Flow cytometric analysis
Flow cytometry was used to assess surface markers, intracellular proteins (Supplementary Table 1B), and T-cell proliferation. CD8+ T cells were labeled with CellTrace™ Violet (Thermo Fisher Scientific) to track proliferation. Surface staining was performed for 15 min at 4 °C in the dark using fluorochrome-conjugated antibodies against BTLA, CD8, PD-L1 (1 µg/ml), CD25, CD69, CD137, PD-1, and SLAMF7 (clone 235614) (0.5 µg/ml); CD107a staining (1 µg/ml) was performed for 4 h. For antigen-specific assays, HLA-A02:Ig dimers loaded with peptides of interest were used; donors were pre-typed by SBT or screened using an anti-HLA-A02 antibody (1 µg/ml, BioLegend). For intracellular staining of Eomes, T-bet, and Granzyme B, cells were fixed on day 5 in 4% formaldehyde (20 min, 37 °C), briefly frozen at –20 °C, and permeabilized in 90% methanol (30 min, –20 °C). Fixed cells were stained with fluorescent antibodies (1 µg/ml) for 1 h at 4 °C in the dark. Data acquisition was performed on a 4-laser LSRFortessa X-20 (BD Biosciences) and analyzed using FlowJo software (BD Biosciences). In addition to the flow cytometric images included in the main figures, gating strategy and representative flow plots for BTLA, PD-1 and Eomes are provided in the supplement (Supplementary Figure S3).
Statistical analysis
Statistical analysis was performed using Prism 10 (Dotmatics). Normality was assessed by Shapiro-Wilk test and Q-Q plots. Based on distribution, either parametric (t-test, one-way ANOVA) or non-parametric (Wilcoxon) tests were applied. Outliers (maximum one per group) were excluded using Grubbs’ test (α = 0.01). Data points represent independent biological replicates; bars show mean ± SD. Statistical significance is indicated as *p < 0.05, **p < 0.01, ***p < 0.001, ****p < 0.0001. For multiple comparisons, p-values were adjusted using the Bonferroni-Holm test (see Supplementary Table 3).
Results
Proinflammatory signals induce SLAMF7 on human CD8+ T cells
To characterize the signals that drive SLAMF7 expression on the surface of human CD8+ T cells, we exposed CD8+ T cells to different stimuli.
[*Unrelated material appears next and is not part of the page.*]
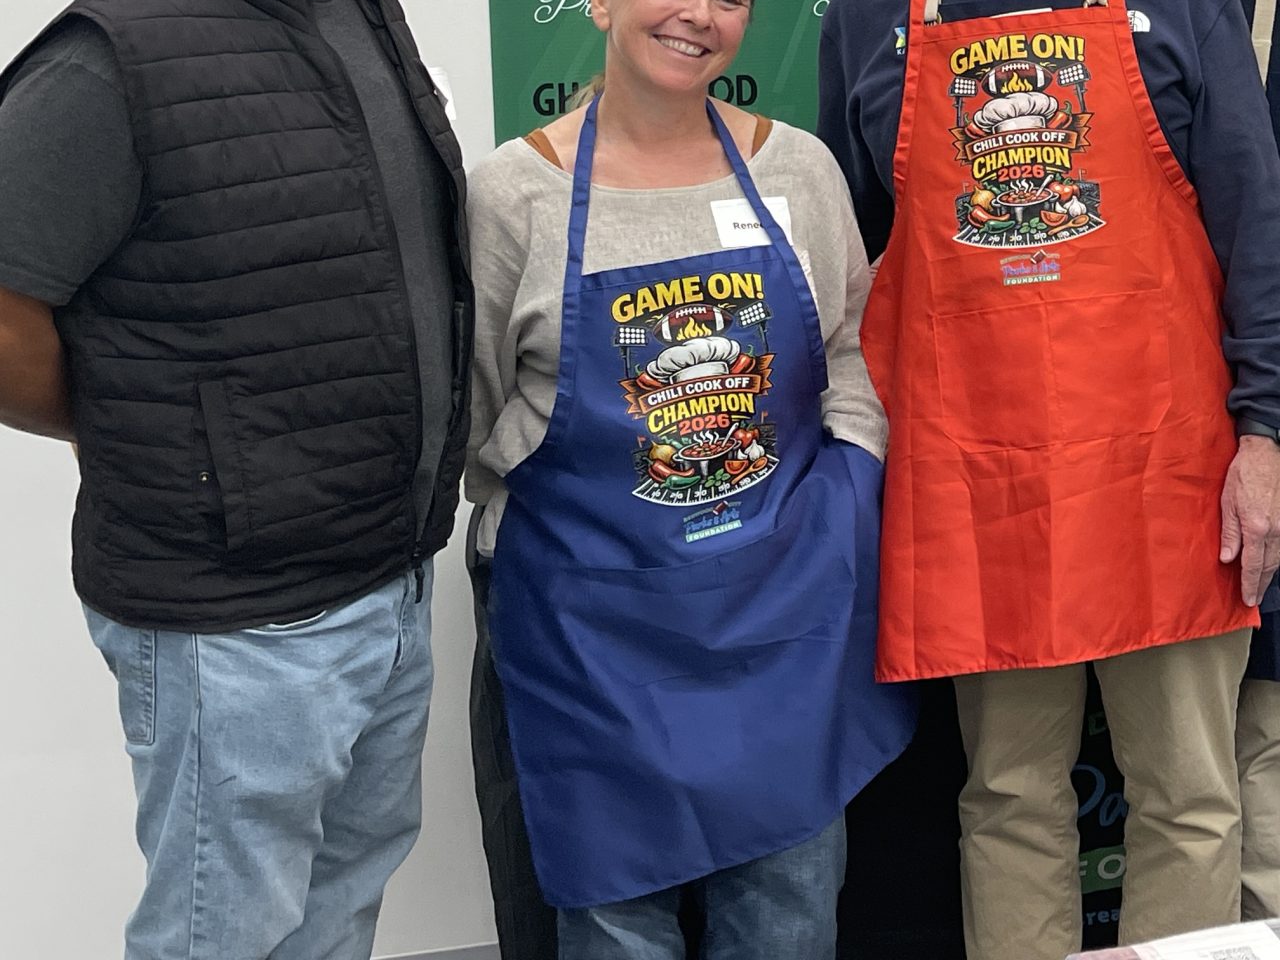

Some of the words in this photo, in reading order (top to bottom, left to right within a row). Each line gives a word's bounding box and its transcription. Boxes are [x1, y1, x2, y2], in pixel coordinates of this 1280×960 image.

Since full-fledged T-cell activation depends on TCR activation, co-stimulatory signals and inflammatory cytokines (27), we aimed to investigate whether these factors influence the expression of SLAMF7. First, the effect of the Tc1-inducing cytokine IL-12 was analyzed (28) (Figure 1A). CD8+ T cells were stimulated with anti-CD3 coupled microspheres and either IL-12 was added to the cell culture medium or not. Resting T cells did hardly express SLAMF7. The Tc1-inducing cytokine IL-12 more than doubled the frequency of CD8+ T cells expressing SLAMF7 from 4% after CD3 engagement to approximately 11% after CD3 engagement in the presence of IL-12 (Figure 1A, right). Next, the effect of co-stimulation on SLAMF7 expression of CD8+ T cells was investigated (Figure 1B). For this purpose, CD8+ T cells were stimulated with anti-CD3 plus co-stimulatory anti-CD28 engagement or anti-CD3 plus isotype control in the presence of IL-12. At both time points, co-stimulatory CD28 signaling resulted in up to three times higher frequency of SLAMF7-expressing CD8+ T cells compared to anti-CD3 engagement alone. Comparing day 5 with day 7 after beginning of the stimulation, the frequency of SLAMF7+ CD8+ T cells increased with both anti-CD3 stimulation alone and with the co-stimulatory signal. The maximum frequency of SLAMF7+ CD8+ T cells was reached after 7 days of stimulation with anti-CD3 plus anti-CD28 coupled microspheres, with an average of 70% SLAMF7-expressing CD8+ T cells.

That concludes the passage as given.